▸ **What the exercise asks**: Repeat the entries exactly, and do not carry the pictures over.

(Extracted records)
┌──

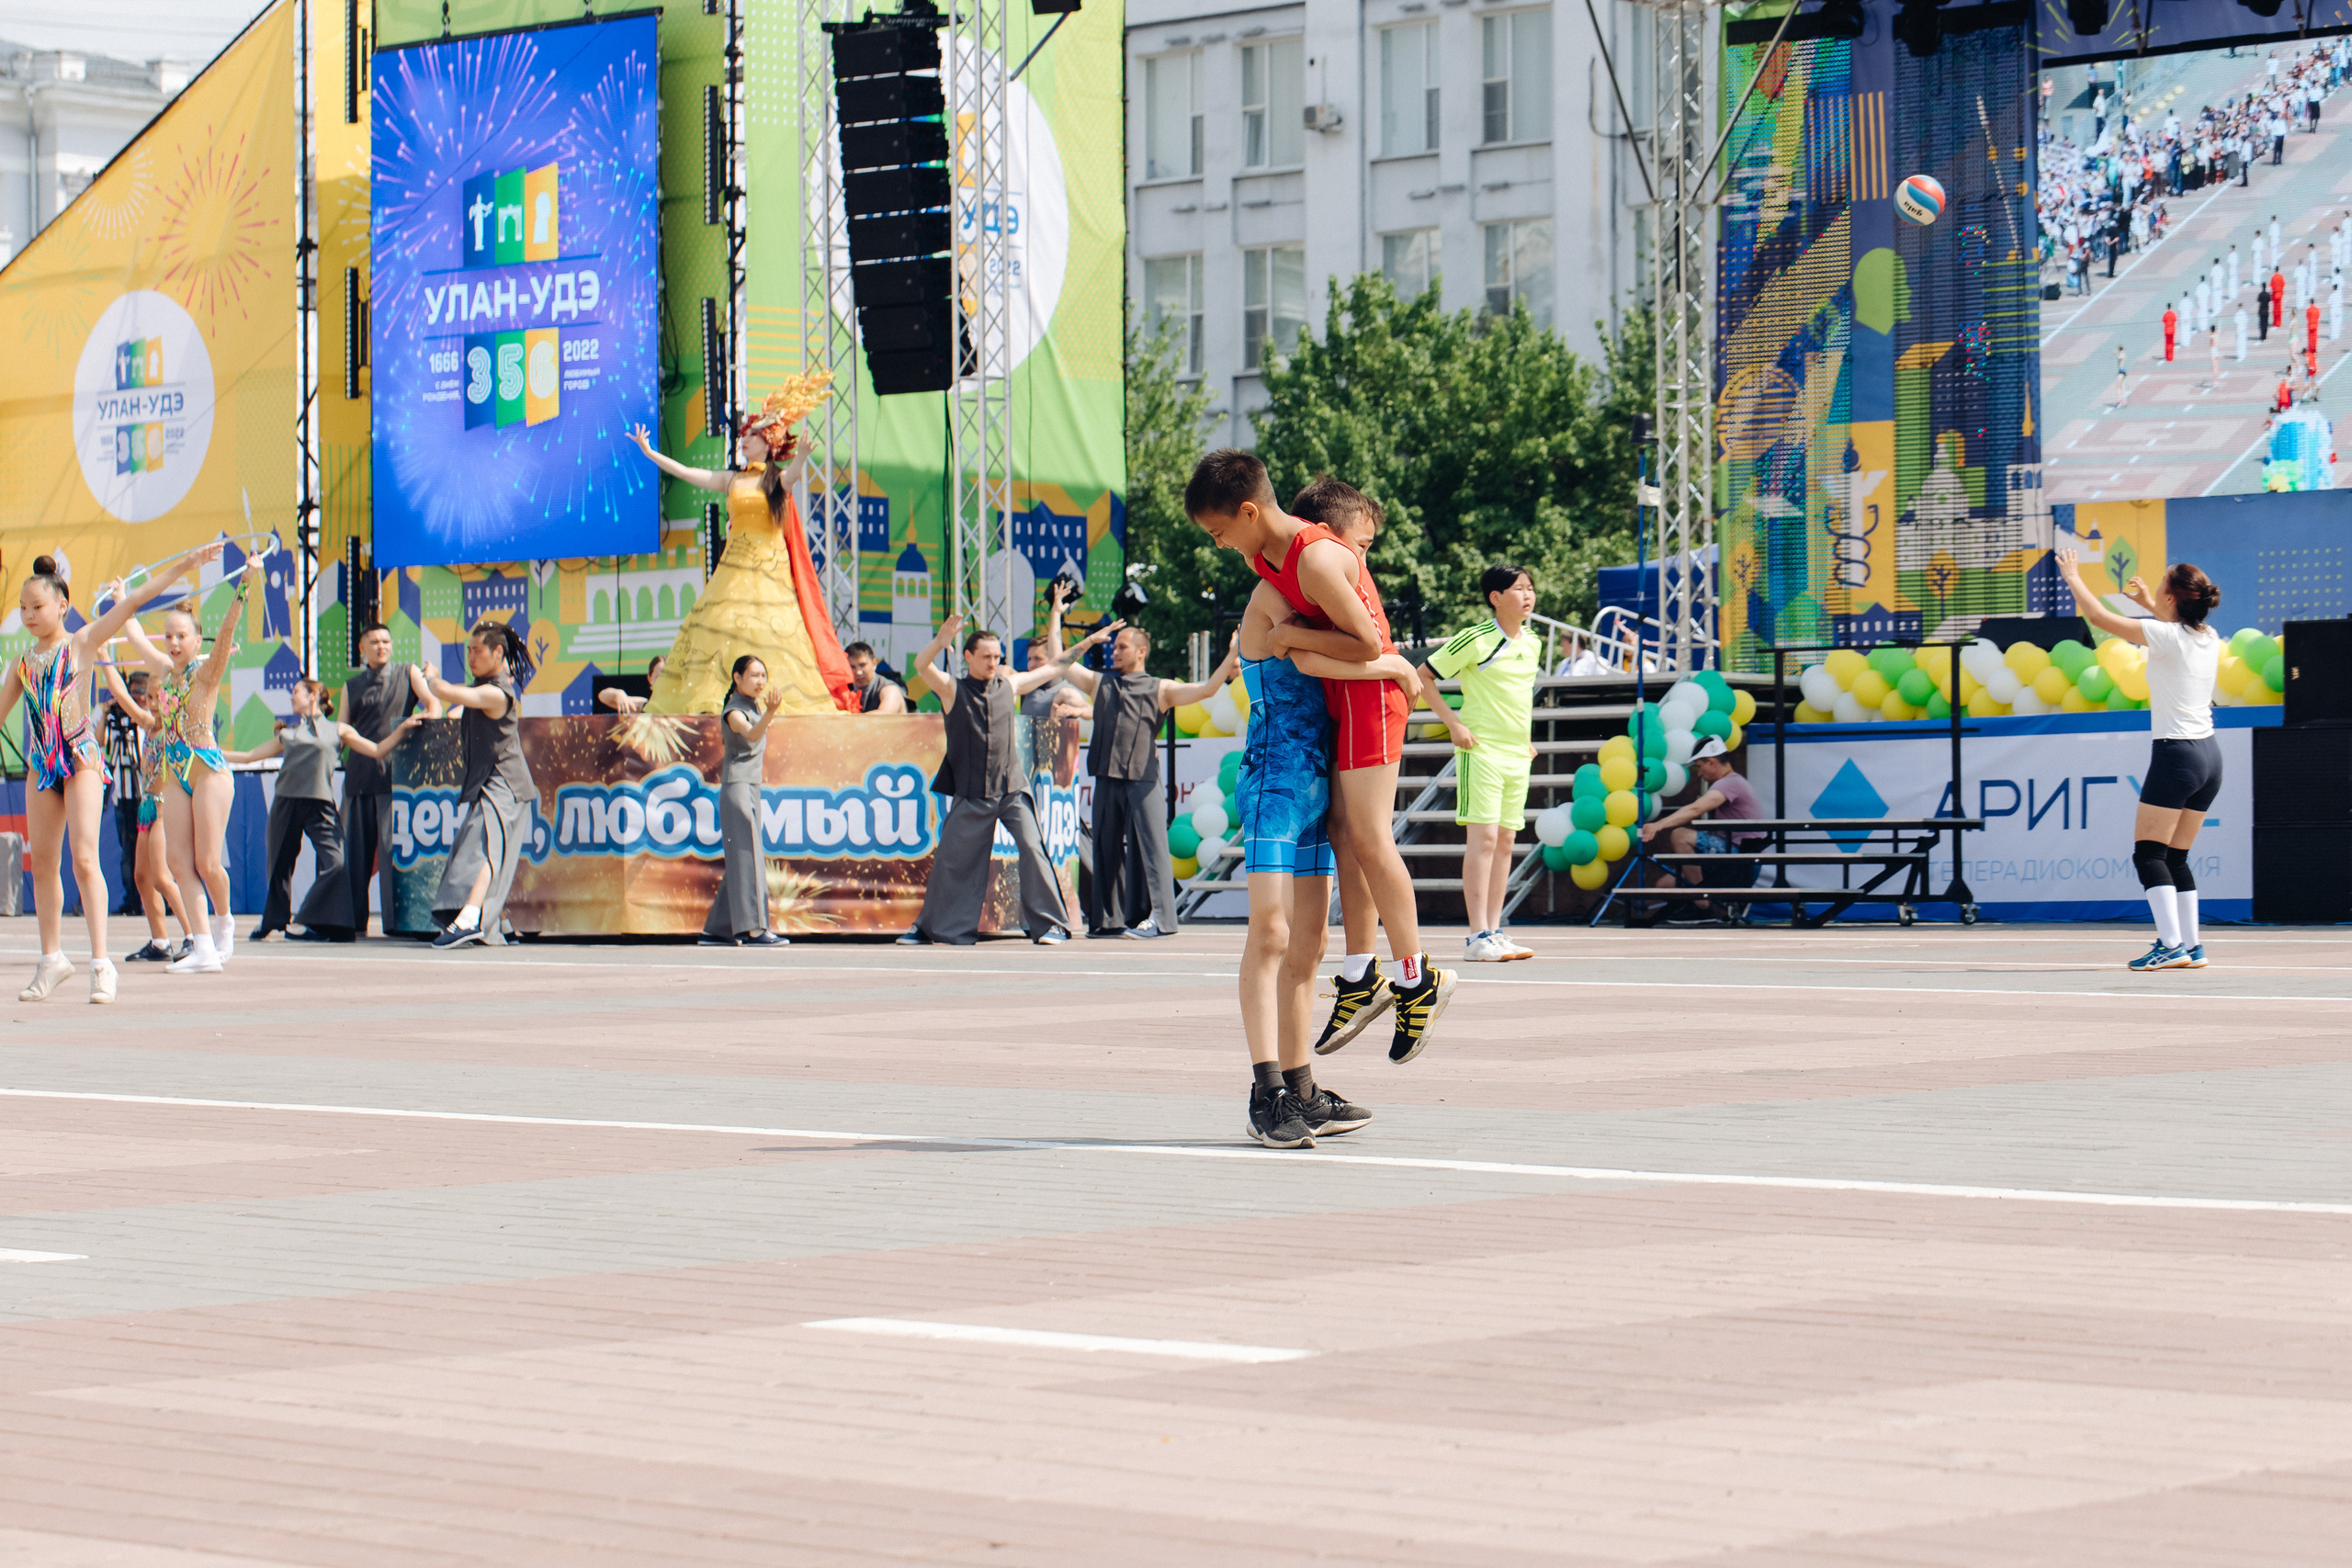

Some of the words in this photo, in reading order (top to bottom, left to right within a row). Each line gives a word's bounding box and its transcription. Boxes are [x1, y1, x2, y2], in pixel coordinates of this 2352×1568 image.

[424, 269, 601, 326] УЛАН-УДЭ
[429, 351, 459, 374] 1666
[467, 341, 558, 404] 356
[562, 338, 600, 363] 2022
[97, 391, 185, 421] УЛАН-УДЭ

└──

▸ **Response below**:
Some of the words in this photo, in reading order (top to bottom, left to right within a row). Each line gives a word's bounding box and its transcription. Boxes are [x1, y1, x2, y2], in pixel coordinates of this 2352×1568 image.

[424, 269, 601, 326] УЛАН-УДЭ
[429, 351, 459, 374] 1666
[467, 341, 558, 404] 356
[562, 338, 600, 363] 2022
[97, 391, 185, 421] УЛАН-УДЭ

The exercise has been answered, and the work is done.